Your question was forwarded to me, being a LEAD team member myself.

First, why do you want to decode this data? Are you aware that nexradII is a decompressor? Generally it's beneficial to only decompress this data on demand because the overall compressed volume is very large and the uncompressed volume is huge. Our visualization tools such as the IDV decompress it dynamically, so we generally do not recommend decompressing this as it comes in.

But, to answer your question, when a decoder is spawned depends on the products that come in the data stream. Whether a decoder persists or not and when it terminates depends on how the decoder was coded. Generally we recommend that decoders stay open and read from stdin in order to avoid the overhead of restarting them. The nexradII decoder is slightly different in that it accumulates pieces of a volume scan, decompresses them, and creates a file containing a decompressed volume scan, after which it terminates.
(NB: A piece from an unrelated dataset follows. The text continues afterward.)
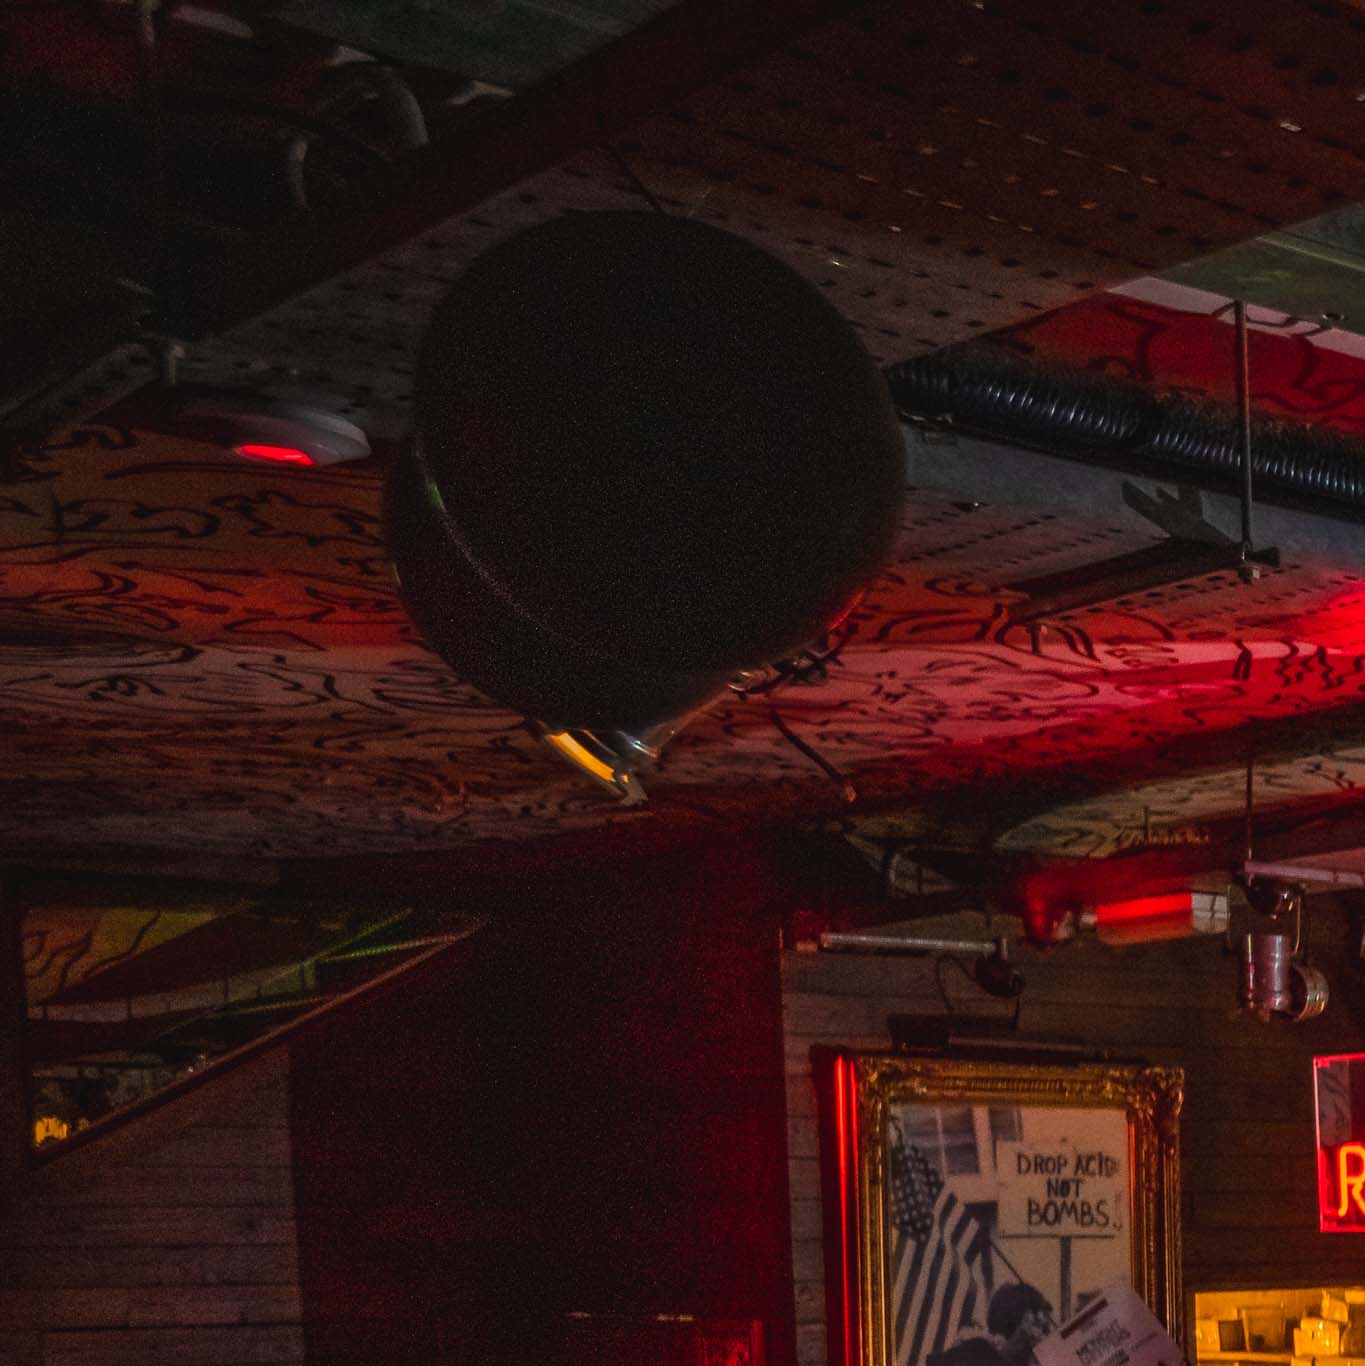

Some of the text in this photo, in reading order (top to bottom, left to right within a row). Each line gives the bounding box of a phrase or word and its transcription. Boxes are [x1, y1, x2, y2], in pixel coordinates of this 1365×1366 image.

[1016, 1151, 1120, 1178] DROP ACID
[1046, 1177, 1087, 1198] NOT
To say more, spawning of a decoder depends on the products that match the regular expression that filters the products sent to the decoder. As long as products come in that match the regular expression and don't cause new substitutions in the template, in this case the "data/pub/decoded/nexradII/raw/\2/\3.raw" string, they will be fed to that same instance of the decoder if it is still running.
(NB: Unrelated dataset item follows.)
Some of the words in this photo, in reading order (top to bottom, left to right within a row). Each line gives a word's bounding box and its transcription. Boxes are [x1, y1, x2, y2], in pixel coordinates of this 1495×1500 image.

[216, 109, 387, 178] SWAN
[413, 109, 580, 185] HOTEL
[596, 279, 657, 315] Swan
So, in this example, when new products come in from a different station or with a different date, this causes different substitutions in the \2 and \3 pieces of the template. Thus, a new instance of the decoder will be spawned with the new values substituted into the template, creating a new argument for this particular invocation. In this data stream the volume scan is sent in a sequence of 100 radial chunks. Since all the products for a particular volume scan have the same station ID and date, this results in a new instance of the decoder for each volume scan from a particular station, and a resulting file that is the complete decompressed volume scan for each instance of the decoder.

Regarding shutting down, this decoder looks for a final product to know when to end the decompression, close the file, and shut down. (Thus, order of arrival is important with this decoder.)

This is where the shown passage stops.